BACKGROUND AND OBJECTIVES: Combination antiretroviral therapy (cART) is changing, and this may affect the type and occurrence of side effects. We examined the frequency of lipodystrophy (LD) and weight changes in relation to the use of specific drugs in the Swiss HIV Cohort Study (SHCS). METHODS: In the SHCS, patients are followed twice a year and scored by the treating physician as having 'fat accumulation', 'fat loss', or neither. Treatments, and reasons for change thereof, are recorded. Our study sample included all patients treated with cART between 2003 and 2006 and, in addition, all patients who started cART between 2000 and 2003. RESULTS: From 2003 to 2006, the percentage of patients taking stavudine, didanosine and nelfinavir decreased, the percentage taking lopinavir, nevirapine and efavirenz remained stable, and the percentage taking atazanavir and tenofovir increased by 18.7 and 22.2%, respectively. In life-table Kaplan-Meier analysis, patients starting cART in 2003-2006 were less likely to develop LD than those starting cART from 2000 to 2002 (P<0.02). LD was quoted as the reason for treatment change or discontinuation for 4% of patients on cART in 2003, and for 1% of patients treated in 2006 (P for trend <0.001).
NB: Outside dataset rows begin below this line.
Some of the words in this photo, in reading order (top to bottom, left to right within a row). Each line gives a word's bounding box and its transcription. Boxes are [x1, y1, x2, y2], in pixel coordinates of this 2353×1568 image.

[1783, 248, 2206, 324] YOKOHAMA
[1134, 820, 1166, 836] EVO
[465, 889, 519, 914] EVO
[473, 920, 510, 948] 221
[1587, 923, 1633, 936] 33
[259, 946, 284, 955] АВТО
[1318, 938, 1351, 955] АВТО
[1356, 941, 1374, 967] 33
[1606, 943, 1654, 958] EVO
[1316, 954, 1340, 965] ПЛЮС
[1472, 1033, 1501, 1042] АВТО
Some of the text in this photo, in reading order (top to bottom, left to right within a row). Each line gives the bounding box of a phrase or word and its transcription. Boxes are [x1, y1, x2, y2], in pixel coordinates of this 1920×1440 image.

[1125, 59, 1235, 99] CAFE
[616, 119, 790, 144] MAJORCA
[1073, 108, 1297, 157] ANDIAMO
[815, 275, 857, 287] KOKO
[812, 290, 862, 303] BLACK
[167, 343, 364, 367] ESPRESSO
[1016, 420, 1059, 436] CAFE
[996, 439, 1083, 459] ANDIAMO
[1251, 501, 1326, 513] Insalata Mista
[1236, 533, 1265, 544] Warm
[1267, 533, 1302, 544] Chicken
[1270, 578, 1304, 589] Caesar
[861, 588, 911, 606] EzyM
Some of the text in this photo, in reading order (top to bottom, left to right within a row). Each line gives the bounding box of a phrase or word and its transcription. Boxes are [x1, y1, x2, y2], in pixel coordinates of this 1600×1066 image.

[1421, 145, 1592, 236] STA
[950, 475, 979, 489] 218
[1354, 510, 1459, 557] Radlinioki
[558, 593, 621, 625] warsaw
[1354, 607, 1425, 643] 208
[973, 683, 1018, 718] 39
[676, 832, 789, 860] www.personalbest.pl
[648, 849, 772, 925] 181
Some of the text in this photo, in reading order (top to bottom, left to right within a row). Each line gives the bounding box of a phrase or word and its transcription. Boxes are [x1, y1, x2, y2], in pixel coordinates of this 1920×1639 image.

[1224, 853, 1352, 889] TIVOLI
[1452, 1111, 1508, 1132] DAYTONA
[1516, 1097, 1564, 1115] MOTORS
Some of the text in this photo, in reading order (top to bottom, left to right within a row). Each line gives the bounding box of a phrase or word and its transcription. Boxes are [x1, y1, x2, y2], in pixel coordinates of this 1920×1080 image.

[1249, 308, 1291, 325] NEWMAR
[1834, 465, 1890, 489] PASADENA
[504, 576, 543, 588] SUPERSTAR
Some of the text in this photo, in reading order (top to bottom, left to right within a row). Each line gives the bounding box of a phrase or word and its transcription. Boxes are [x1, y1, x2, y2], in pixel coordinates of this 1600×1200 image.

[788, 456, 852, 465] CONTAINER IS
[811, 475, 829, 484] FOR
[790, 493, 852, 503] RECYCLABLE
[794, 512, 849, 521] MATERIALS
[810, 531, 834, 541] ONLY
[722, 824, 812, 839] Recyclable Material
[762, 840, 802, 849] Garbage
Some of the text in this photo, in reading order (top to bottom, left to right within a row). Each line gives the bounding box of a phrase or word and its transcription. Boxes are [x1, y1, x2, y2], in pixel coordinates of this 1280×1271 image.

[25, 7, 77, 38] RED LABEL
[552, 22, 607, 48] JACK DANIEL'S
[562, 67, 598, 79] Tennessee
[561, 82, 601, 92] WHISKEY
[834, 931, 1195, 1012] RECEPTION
In univariate and multivariate regression analysis, patients with a weight gain of >or=5 kg were more likely to take lopinavir or atazanavir than patients without such a weight gain [odds ratio (OR) 2, 95% confidence interval (CI) 1.3-2.9, and OR 1.7, 95% CI 1.3-2.1, respectively]. CONCLUSIONS: LD has become less frequent in the SHCS from 2000 to 2006. A weight gain of more than 5 kg was associated with the use of atazanavir and lopinavir.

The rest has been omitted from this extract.